[Records]
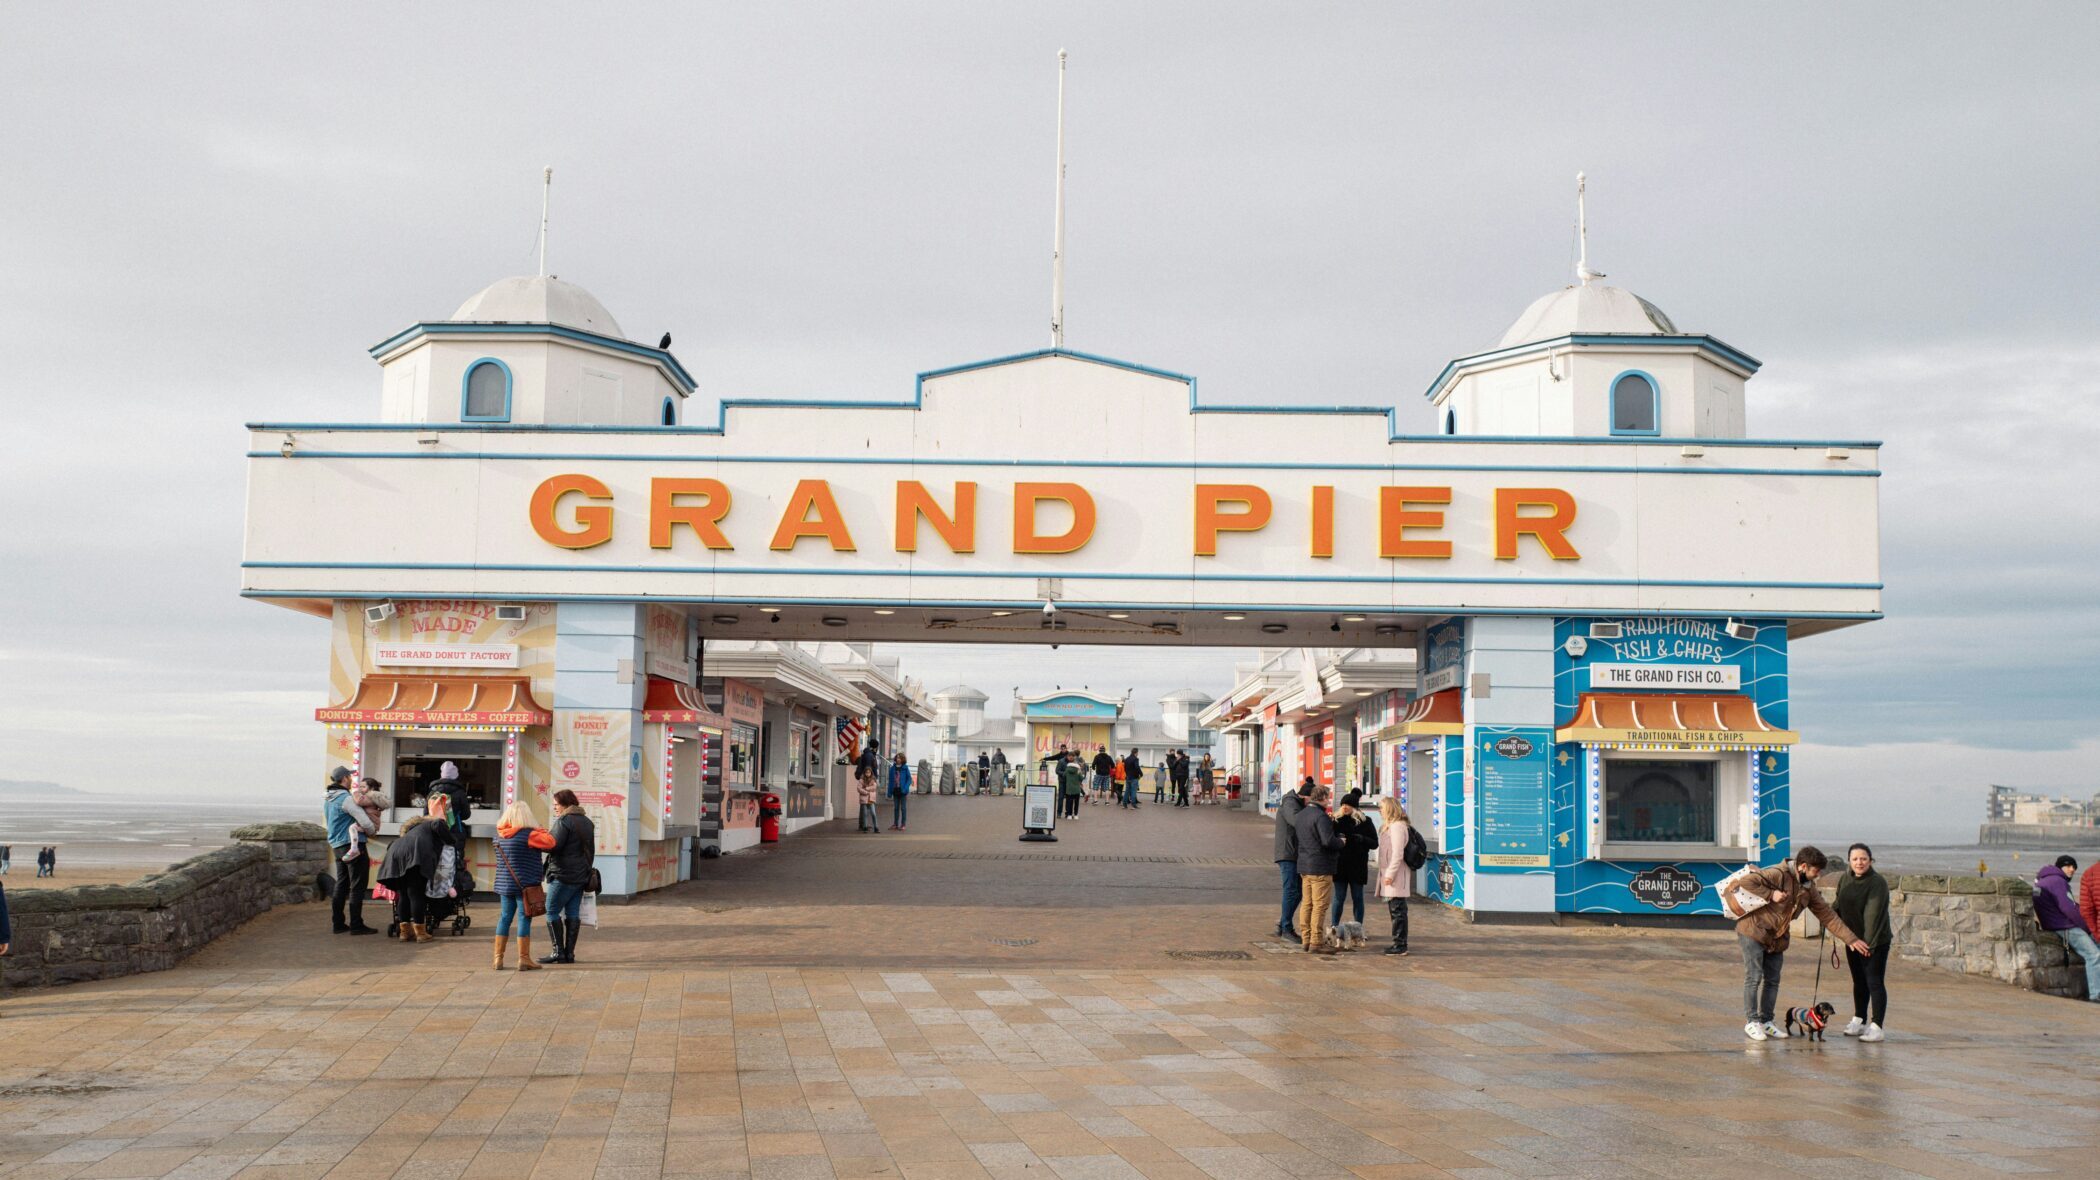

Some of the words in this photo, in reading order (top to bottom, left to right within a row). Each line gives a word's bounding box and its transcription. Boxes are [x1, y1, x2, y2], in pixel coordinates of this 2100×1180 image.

[529, 473, 1096, 554] GRAND
[1194, 484, 1582, 560] PIER
[395, 600, 496, 621] FRESHLY
[412, 616, 477, 635] MADE
[435, 651, 466, 659] DONUT
[470, 652, 512, 660] FACTORY
[1614, 640, 1651, 660] FISH
[1657, 639, 1667, 657] &
[1674, 640, 1723, 663] CHIPS
[1610, 669, 1631, 682] THE
[1635, 669, 1673, 682] GRAND
[1677, 670, 1702, 683] FISH
[1706, 670, 1724, 683] CO.
[319, 710, 363, 720] DONUTS
[374, 711, 414, 721] CREPES
[426, 712, 477, 722] WAFFLES
[489, 712, 529, 722] COFFEE
[574, 722, 609, 730] DONUT
[1627, 731, 1682, 741] TRADITIONAL
[1686, 732, 1705, 741] FISH
[1708, 732, 1714, 741] &
[1717, 732, 1744, 742] CHIPS
[1660, 872, 1672, 880] THE
[1638, 880, 1669, 891] GRAND
[1672, 881, 1693, 891] FISH
[1661, 891, 1672, 899] CO.

[What you should do]
Exact reproduction of the entries above is what's needed; images stay out.

[Result for this exercise]
Some of the words in this photo, in reading order (top to bottom, left to right within a row). Each line gives a word's bounding box and its transcription. Boxes are [x1, y1, x2, y2], in pixel coordinates of this 2100×1180 image.

[529, 473, 1096, 554] GRAND
[1194, 484, 1582, 560] PIER
[395, 600, 496, 621] FRESHLY
[412, 616, 477, 635] MADE
[435, 651, 466, 659] DONUT
[470, 652, 512, 660] FACTORY
[1614, 640, 1651, 660] FISH
[1657, 639, 1667, 657] &
[1674, 640, 1723, 663] CHIPS
[1610, 669, 1631, 682] THE
[1635, 669, 1673, 682] GRAND
[1677, 670, 1702, 683] FISH
[1706, 670, 1724, 683] CO.
[319, 710, 363, 720] DONUTS
[374, 711, 414, 721] CREPES
[426, 712, 477, 722] WAFFLES
[489, 712, 529, 722] COFFEE
[574, 722, 609, 730] DONUT
[1627, 731, 1682, 741] TRADITIONAL
[1686, 732, 1705, 741] FISH
[1708, 732, 1714, 741] &
[1717, 732, 1744, 742] CHIPS
[1660, 872, 1672, 880] THE
[1638, 880, 1669, 891] GRAND
[1672, 881, 1693, 891] FISH
[1661, 891, 1672, 899] CO.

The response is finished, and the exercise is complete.